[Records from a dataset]

+-------+

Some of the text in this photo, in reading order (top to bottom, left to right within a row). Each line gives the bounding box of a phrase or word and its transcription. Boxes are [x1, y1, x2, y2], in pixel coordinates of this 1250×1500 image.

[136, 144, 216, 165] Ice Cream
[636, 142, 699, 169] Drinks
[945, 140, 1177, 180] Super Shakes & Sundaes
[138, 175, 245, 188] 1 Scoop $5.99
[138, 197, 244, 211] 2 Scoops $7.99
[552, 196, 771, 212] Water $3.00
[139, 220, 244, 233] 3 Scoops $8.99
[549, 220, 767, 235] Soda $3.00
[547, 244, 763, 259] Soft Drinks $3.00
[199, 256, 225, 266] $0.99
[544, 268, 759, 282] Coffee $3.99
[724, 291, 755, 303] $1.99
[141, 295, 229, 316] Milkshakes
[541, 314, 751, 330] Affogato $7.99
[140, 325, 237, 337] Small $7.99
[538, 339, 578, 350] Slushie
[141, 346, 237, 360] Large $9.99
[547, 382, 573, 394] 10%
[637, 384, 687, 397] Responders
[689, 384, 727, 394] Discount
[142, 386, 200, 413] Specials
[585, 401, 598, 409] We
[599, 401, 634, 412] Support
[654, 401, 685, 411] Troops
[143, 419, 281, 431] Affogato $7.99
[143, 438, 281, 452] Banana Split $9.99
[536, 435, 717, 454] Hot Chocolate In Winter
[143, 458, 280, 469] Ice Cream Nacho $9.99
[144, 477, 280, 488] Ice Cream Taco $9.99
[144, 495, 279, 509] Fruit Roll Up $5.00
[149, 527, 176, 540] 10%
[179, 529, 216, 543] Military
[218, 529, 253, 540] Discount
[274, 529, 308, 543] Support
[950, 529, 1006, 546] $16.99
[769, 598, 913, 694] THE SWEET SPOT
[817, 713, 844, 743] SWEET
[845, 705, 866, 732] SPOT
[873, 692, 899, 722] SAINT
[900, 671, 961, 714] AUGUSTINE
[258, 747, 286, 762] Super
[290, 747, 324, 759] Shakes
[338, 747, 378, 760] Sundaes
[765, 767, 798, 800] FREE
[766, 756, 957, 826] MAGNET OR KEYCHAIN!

+-------+

- **Your instructions**:
For each line above that includes "Discount", copy the line.

- **Response**:
[689, 384, 727, 394] Discount
[218, 529, 253, 540] Discount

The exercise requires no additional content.